うわっ、クボケンさん、恋愛小説ではないですか!! 久保憲司さんからの原稿を受け取るときはいつもドキドキするのですが、今回はいままでと少し違った意味合いで、心ときめいてしまいました。というのも、作品内で描かれた「マサッチ」という女性が、とっても魅力的だったからです。
「僕と川崎さん」(第3号)、そして「川崎さんとカムジャタン」(第4号)...久保さんのこれまでの作品には「川崎さん」という不思議な男性が登場し、「僕」との関係性で物語が進行していました。しかし今回の「デモごっこ」では、もしかすると高円寺のデモシーンのどこかに川崎さんがいるのかもしれませんが、少なくとも作品内ではまったく姿を見せず。代わりに「僕」に寄り添っているのは、マサッチさん。「現代アートが好きな普通の女の子」と描写されていますが...そんな、キャリア20年以上の学歴のないドラッグ売人(←作中の「僕」)に、こんなにもやさしく接してくれる女性が「普通」だったら、この世界はもっと愛に満ち溢れていたかもしれず...普通じゃなく、女神さまのように私には思えました。

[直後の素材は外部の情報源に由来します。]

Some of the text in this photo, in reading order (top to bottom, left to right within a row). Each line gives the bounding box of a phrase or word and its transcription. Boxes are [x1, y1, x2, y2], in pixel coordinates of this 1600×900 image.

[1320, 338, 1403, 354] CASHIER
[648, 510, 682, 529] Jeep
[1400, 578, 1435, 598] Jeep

作品内に何度も登場するジョン&ヨーコが、僕とマサッチの関係にダブります。マサッチは自身の感受性を信じて行動する僕の、最大の理解者。そして2人が一緒なら、誰にどう思われても、きっとこの世の中を変えられる...僕とマサッチはノンポリでカッコいい若者が集まる反原発デモに参加しようと、羽根木から渋谷までタクシーで角棒や軍手やヘルメットを買いにいきます。東急ハンズとロフトのどっちに、よりダサくないデモアイテム(!?)が売っているか、なんて相談しながら...。
「オノ・ヨーコ嫌い」と言ったマサッチを、ヴェルヴェット・アンダーグラウンドやラ・モンテ・ヤングを引き合いに出して熱く説教する僕、というシーンには思わず笑ってしまいました。こういう男子の話を「普通の女の子」が、まともに聞いてくれる!?...やっぱりマサッチは女神さまではないかと、羨ましいくらいの恋愛指数の高さにあてられっぱなしで。

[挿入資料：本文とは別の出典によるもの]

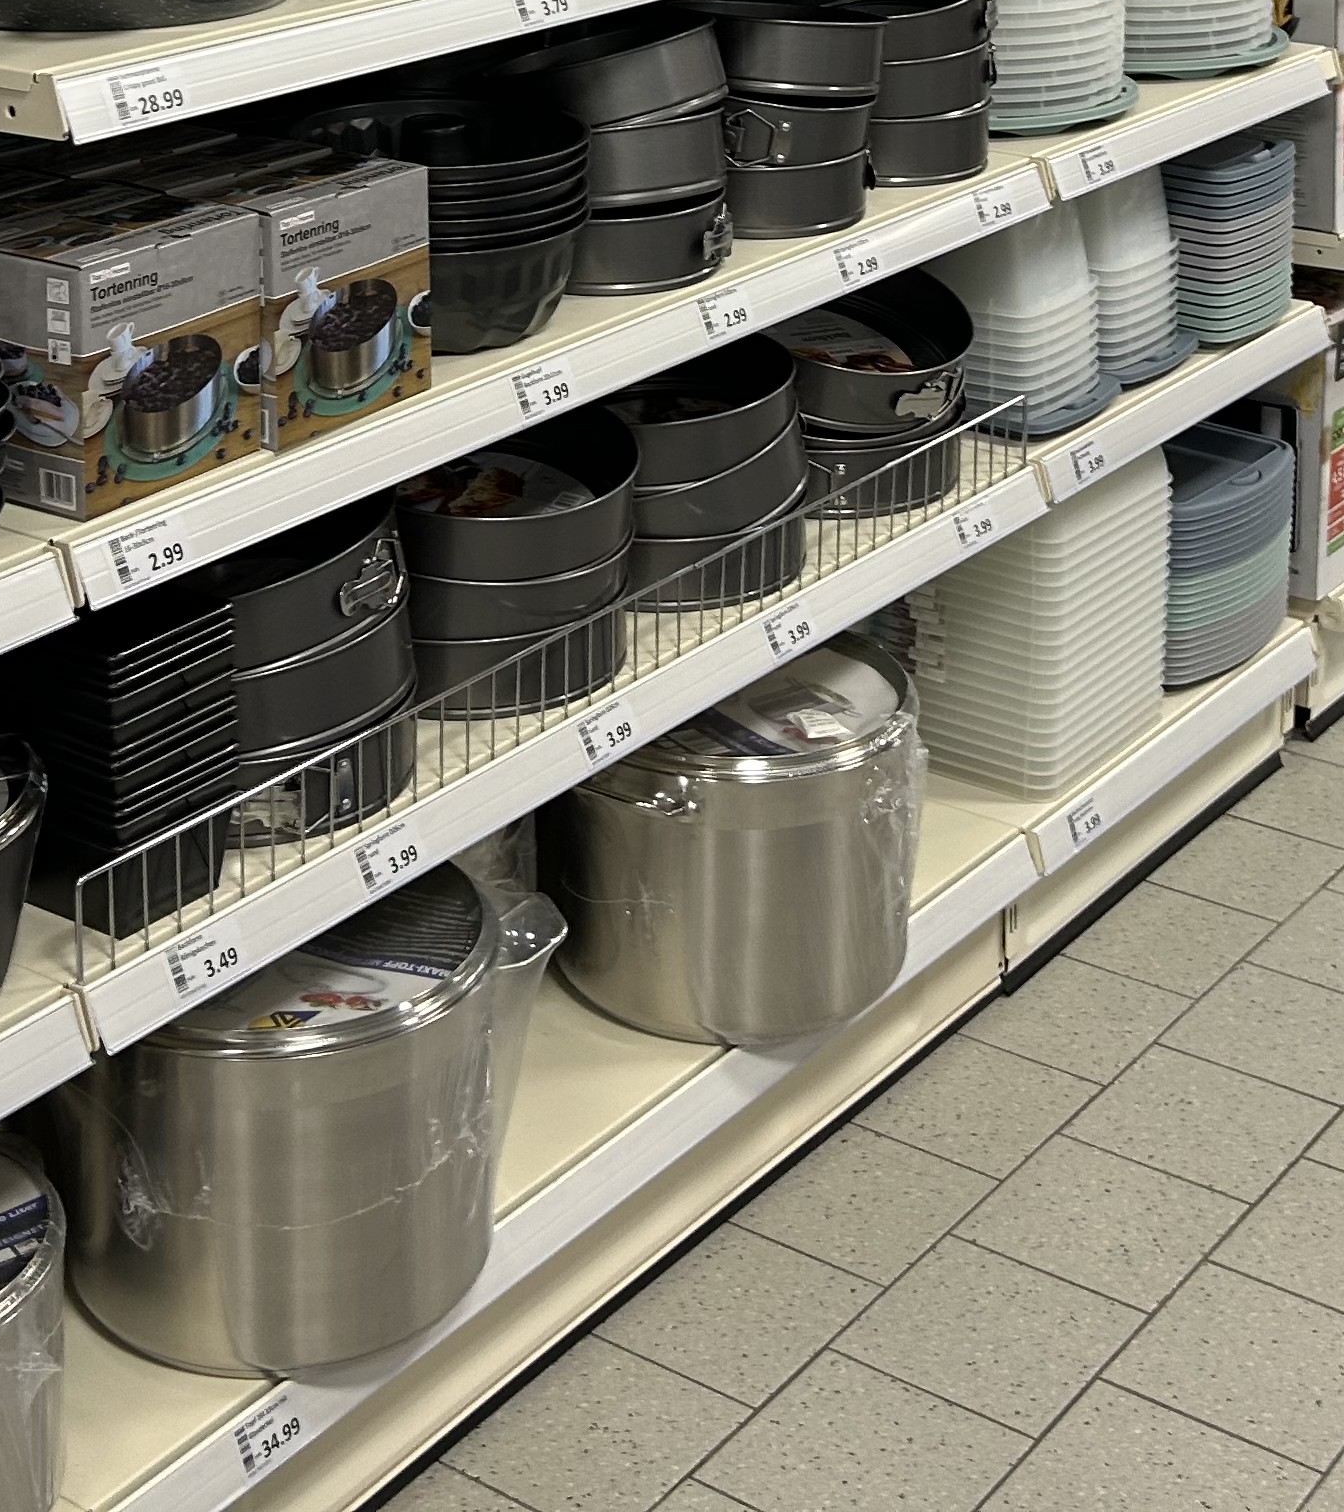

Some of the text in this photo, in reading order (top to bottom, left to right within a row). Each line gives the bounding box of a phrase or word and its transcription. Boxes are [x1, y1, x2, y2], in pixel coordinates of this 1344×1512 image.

ロフトに角棒は売ってなかった。ロフトから歩いて5分の東急ハンズに行ったら、そこにはちゃんと60年代の学生運動を彷彿させるような美しい角棒が売っていた。値段はいくらだったか忘れたが、800円はしなかったような気がする。さすが、東急ハンズだと思った。

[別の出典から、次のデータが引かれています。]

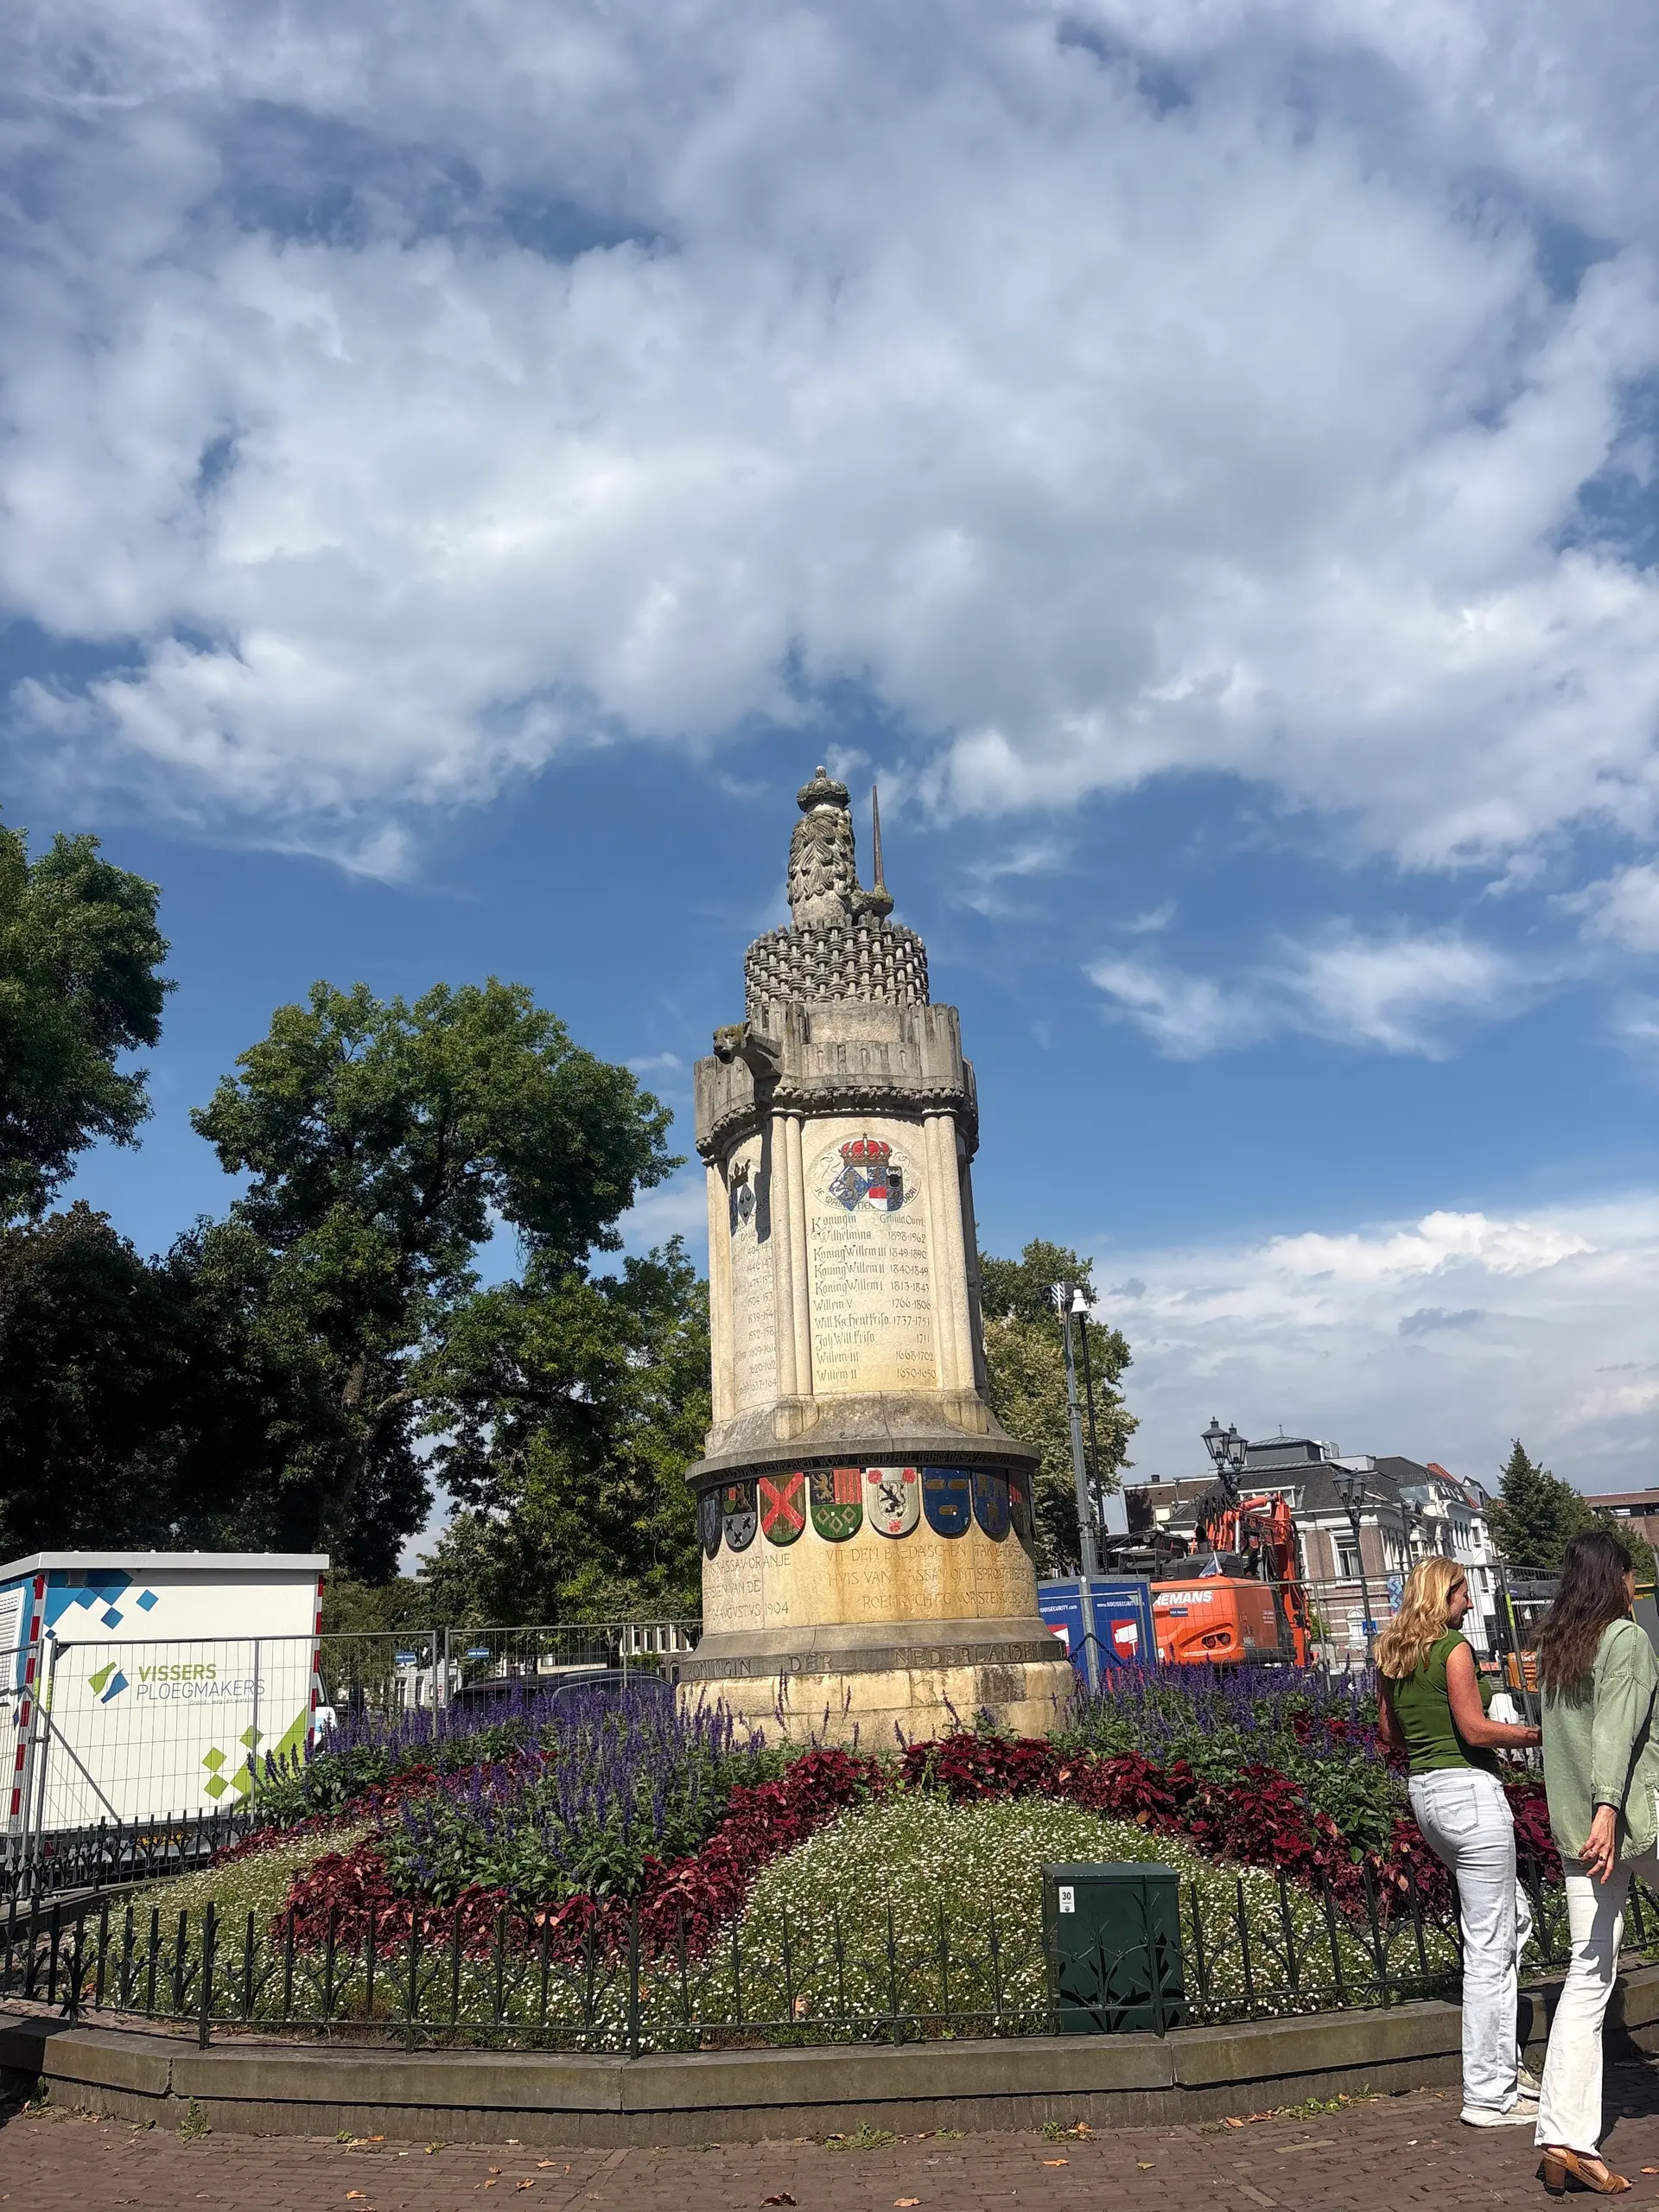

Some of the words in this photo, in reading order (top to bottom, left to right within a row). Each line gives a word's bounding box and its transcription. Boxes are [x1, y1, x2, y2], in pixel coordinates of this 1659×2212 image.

[810, 1229, 872, 1243] Wilhelmina
[888, 1230, 926, 1243] 1898-1962
[813, 1246, 846, 1262] Koning
[844, 1244, 876, 1257] Willem
[878, 1247, 887, 1257] III
[888, 1247, 927, 1260] 1849-1890
[814, 1262, 847, 1281] Koning
[845, 1262, 878, 1274] Willem
[890, 1264, 929, 1277] 1840-1849
[815, 1280, 848, 1296] Koning
[846, 1279, 879, 1292] Willem
[813, 1300, 844, 1312] Willem
[846, 1299, 853, 1309] V
[892, 1298, 931, 1311] 1766-1806
[893, 1314, 931, 1327] 1737-1751
[916, 1333, 931, 1344] 1711
[817, 1351, 847, 1364] Willem
[850, 1351, 859, 1363] III
[817, 1369, 848, 1382] Willem
[850, 1369, 857, 1380] II
[896, 1567, 948, 1583] ASSAV
[788, 1652, 834, 1674] DER
[893, 1641, 1041, 1667] NEDERLANDEN
[138, 1663, 217, 1682] VISSERS
[137, 1679, 265, 1700] PLOEGMAKERS
[1062, 1891, 1071, 1901] 30

角棒を持ってもささくれが刺さらないよう、軍手も一緒に買おうと思いついたが、何事にもおしゃれなマサッチは軍手には拒否反応をしめすかな、と恐る恐る「学生運動ファッションアイテムのひとつ、軍手も買わない?」と聞いたら何一つ文句を言わなかった。
ラッキーと思った僕はすかさずヘルメットも見に行こうとしたのだが、マサッチは「ロフトの方がカッコいいの、あるんじゃない」と恐れていたことを提案してきた。「嫌だー、普通の日本的な白いヘルメットがいい。学生運動といったら、白いどこにでも売っているヘルメットでしょう。ヨーコさんもジョンもそんなヘルメットに全学連とか何とか書いているんだよ。俺も反核って書く」とダダをこねたら、彼女は僕に、家を出る前にiPhone で見せたプラスチック・オノ・エレファンツ・メモリー・バンドの映像を見せようとする。
「何だよ」という僕にマサッチは「よく見なよ」と冷めた声で答える。
ヨーコさんとジョンが被っているのは、初期の大友克洋なんかの漫画に出てくるような日本の土方ヘルメットじゃなく、NYの工事現場で被るような、ちょっと突起が出たオシャレなものだった。僕は初めて気づいた。他のメンバーは黄色とか、赤のヘルメットなんかも被っている。そりゃそうだ。ヨーコさんたちがNYでピース・コンサートをやろうとして、日本の学生運動にリスペクトを込めて彼らのマネしようと思っても、日本の工事現場のヘルメットなんか手に入るわけはない。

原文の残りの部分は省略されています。